Exercise prompt>
Transcribe each entry exactly as it appears, leaving out any picture it holds.

+---+

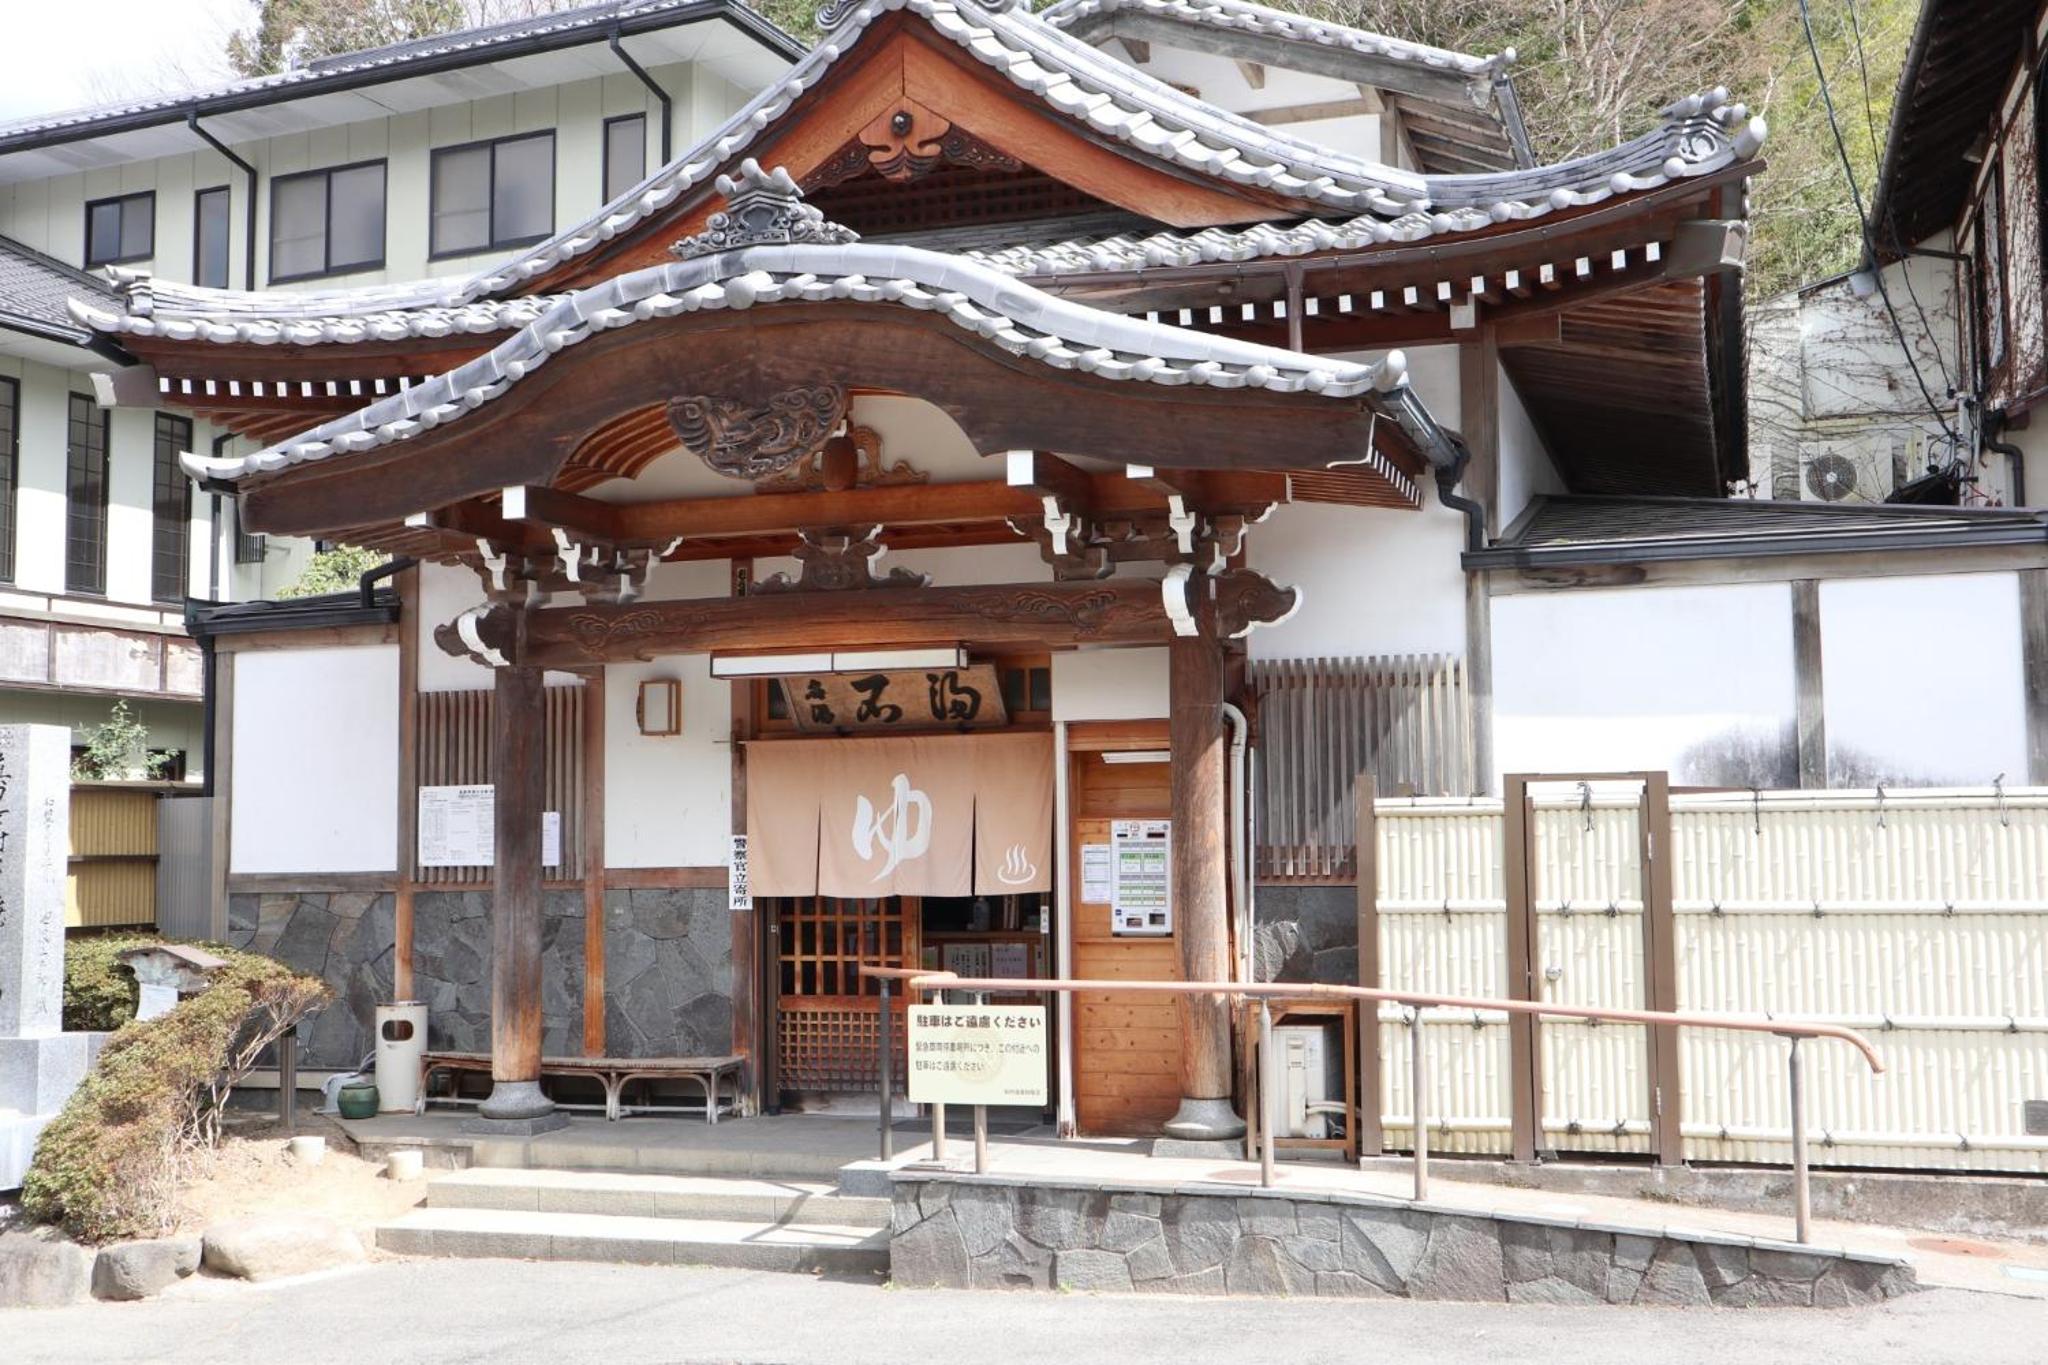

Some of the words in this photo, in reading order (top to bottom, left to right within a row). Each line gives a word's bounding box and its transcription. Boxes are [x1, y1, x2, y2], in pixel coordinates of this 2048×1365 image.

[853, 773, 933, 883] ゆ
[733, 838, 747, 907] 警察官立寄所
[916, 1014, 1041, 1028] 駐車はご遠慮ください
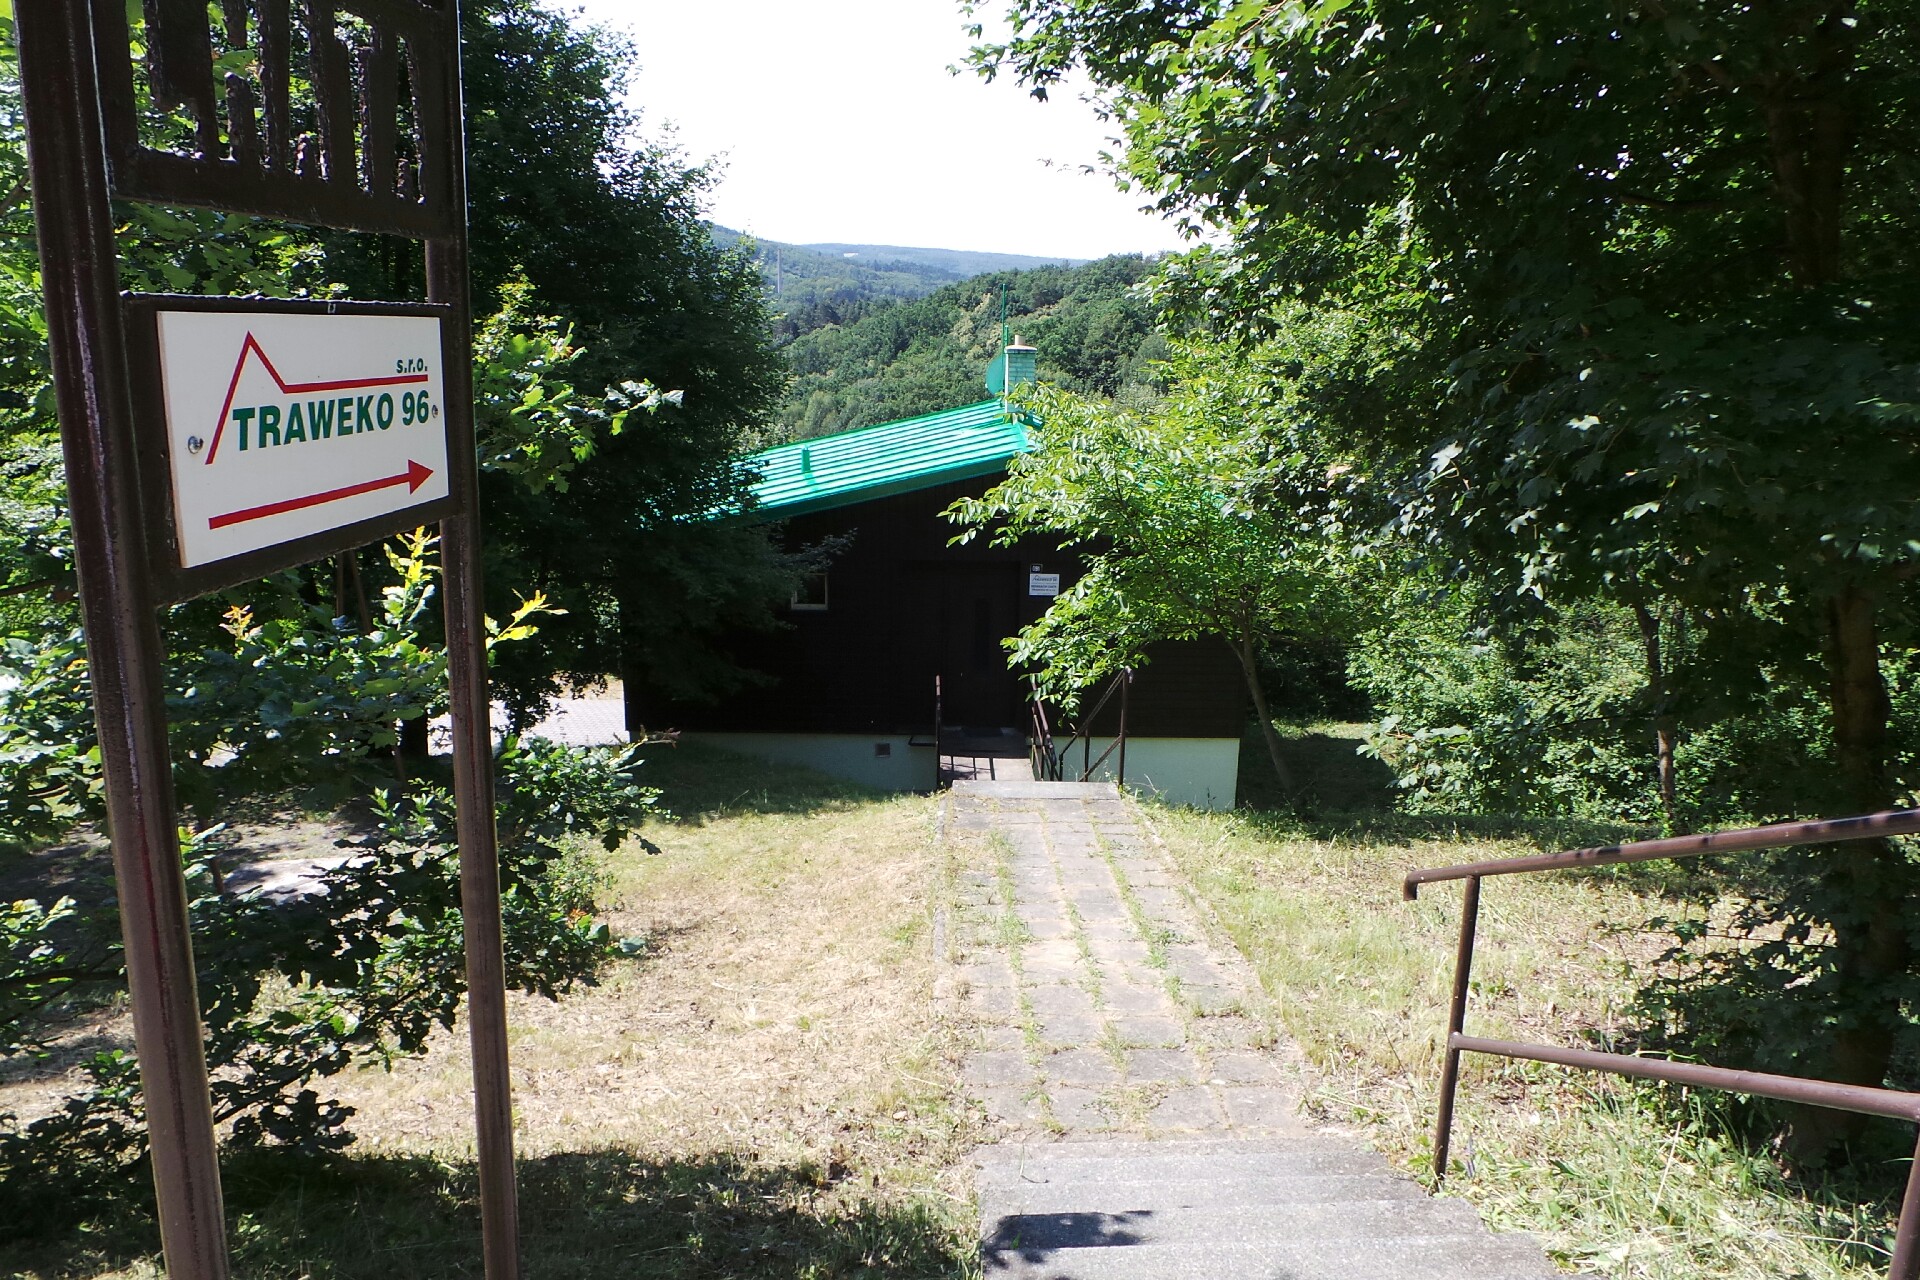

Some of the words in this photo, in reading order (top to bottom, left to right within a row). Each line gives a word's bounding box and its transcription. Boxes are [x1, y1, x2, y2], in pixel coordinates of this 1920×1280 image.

+---+

Answer space>
Some of the words in this photo, in reading order (top to bottom, left to right within a row). Each line gives a word's bounding box and its transcription. Boxes are [x1, y1, x2, y2], in pixel coordinates of this 2048×1365 image.

[853, 773, 933, 883] ゆ
[733, 838, 747, 907] 警察官立寄所
[916, 1014, 1041, 1028] 駐車はご遠慮ください

Some of the words in this photo, in reading order (top to bottom, left to right within a row). Each line gives a word's bounding box and its transcription. Boxes are [x1, y1, x2, y2], in pixel coordinates of this 1920×1280 image.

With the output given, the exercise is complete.